G, conversion &, & NBPs; and other escape characters are replaced with corresponding symbols
H. Remove unnecessary spaces and empty rows.

 The method is as follows:

//


// convert HTML content to plain text, remove the HTML format
///
///
///
Public static string converttotext (string source)
{< br> string result; // Remove line breaks, tabs
Result = source. Replace ("\ r ","");
Result = result. Replace ("\ n ","");
Result = result. Replace ("\ t ","");

// Remove the header
Result = RegEx. Replace (result, "(

result = RegEx. replace (result, @ "<() * script ([^>]) *>", ") ", String. empty, regexoptions. ignorecase);

// remove all styles
result = RegEx. replace (result, @ "<() * style ([^>]) *>", ") ", String. empty, regexoptions. ignorecase);

// insert tabs in spaces of tags
result = RegEx. replace (result, @ "<() * TD ([^>]) *>", "", regexoptions. ignorecase);

// insert line breaks in places of
and

  • tags
    result = RegEx. replace (result, @ "<() * Br () *>", "\ r", regexoptions. ignorecase);
    result = RegEx. replace (result, @ "<() * Li () *>", "\ r", regexoptions. ignorecase);

  • // insert line paragraphs in places of and

    tags
    result = RegEx. replace (result, @ "<() * tr ([^>]) *>", "\ r", regexoptions. ignorecase);
    result = RegEx. replace (result, @ "<() * P ([^>]) *>", "\ r", regexoptions. ignorecase);

    // remove anything thats enclosed inside <>
    result = RegEx. replace (result, @ "<[^>] *>", String. empty, regexoptions. ignorecase);

    // Replace special characters:
    result = RegEx. replace (result, @ "&", "&", regexoptions. ignorecase);
    result = RegEx. replace (result, @ "", "", regexoptions. ignorecase);
    result = RegEx. replace (result, @ "<", "<", regexoptions. ignorecase);
    result = RegEx. replace (result, @ ">", ">", regexoptions. ignorecase);
    result = RegEx. replace (result ,@"&(. {2, 6}); ", String. empty, regexoptions. ignorecase);

    // Remove extra line breaks and tabs
    Result = RegEx. Replace (result, @ "() + ","");
    Result = RegEx. Replace (result, "(\ r) () + (\ r)", "\ r ");
    Result = RegEx. Replace (result, @ "(\ r) +", "\ r \ n ");

    // Remove Blank
    Result = RegEx. Replace (result, @ "\ s ","");

    Return result;
    }

     

    2 ,[Retrieve the image address in the text]


    Program code

    Public Static String getimgurl ( String htmlstr )

    {

    String Str=String.Empty;

    String spattern=@"^ ] *>";

    RegEx R= NewRegEx(@"] * \ s * SRC \ s * = \ s * ([']?) (? <URL> \ s + )'? [^>] *>",

    Regexoptions.Compiled);

    Match m=R.Match(Htmlstr.Tolower());

    If (M.Success)

    Str=M.Result("$ {URL }");

    ReturnStr;

    }

    Contact Us

    The content source of this page is from Internet, which doesn't represent Alibaba Cloud's opinion; products and services mentioned on that page don't have any relationship with Alibaba Cloud. If the content of the page makes you feel confusing, please write us an email, we will handle the problem within 5 days after receiving your email.
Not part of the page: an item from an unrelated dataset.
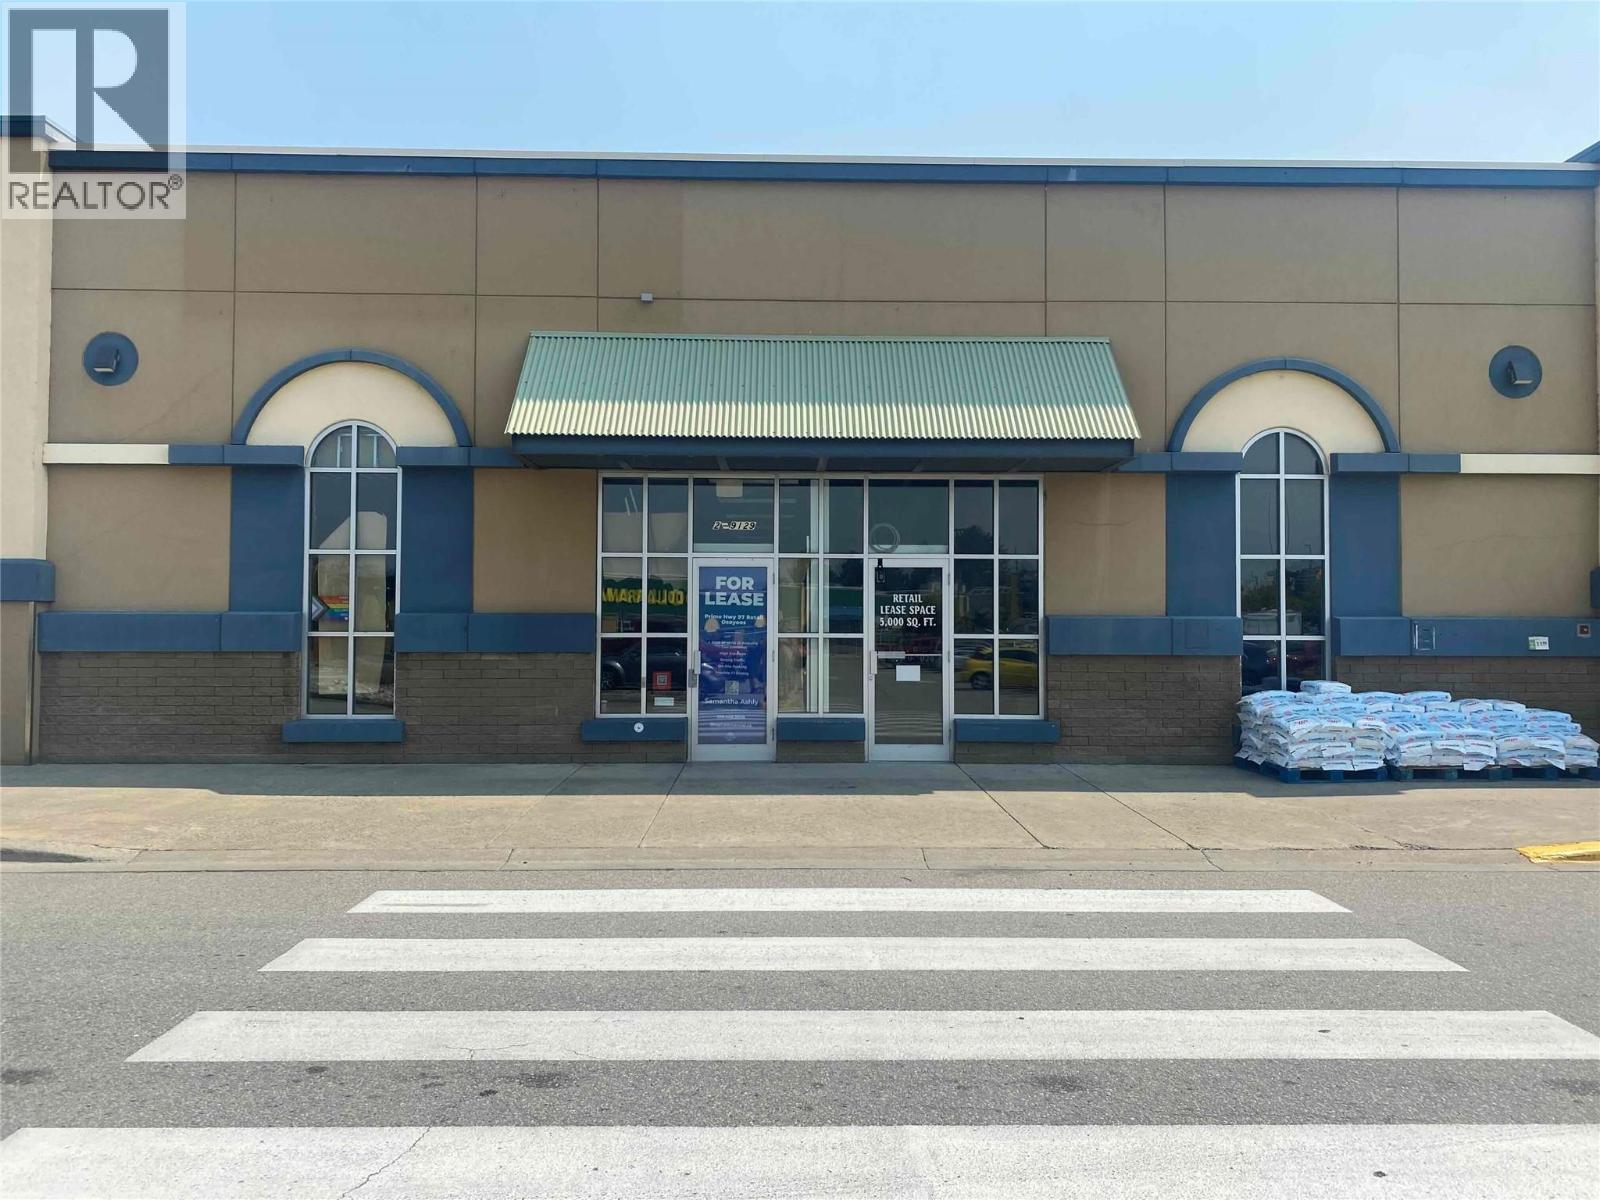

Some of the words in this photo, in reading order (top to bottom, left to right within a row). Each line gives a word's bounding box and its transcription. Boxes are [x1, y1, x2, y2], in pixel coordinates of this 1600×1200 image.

    If you find any instances of plagiarism from the community, please send an email to: info-contact@alibabacloud.com and provide relevant evidence. A staff member will contact you within 5 working days.

    A Free Trial That Lets You Build Big!

    Start building with 50+ products and up to 12 months usage for Elastic Compute Service

    • Sales Support

      1 on 1 presale consultation

    • After-Sales Support

      24/7 Technical Support 6 Free Tickets per Quarter Faster Response

    • Alibaba Cloud offers highly flexible support services tailored to meet your exact needs.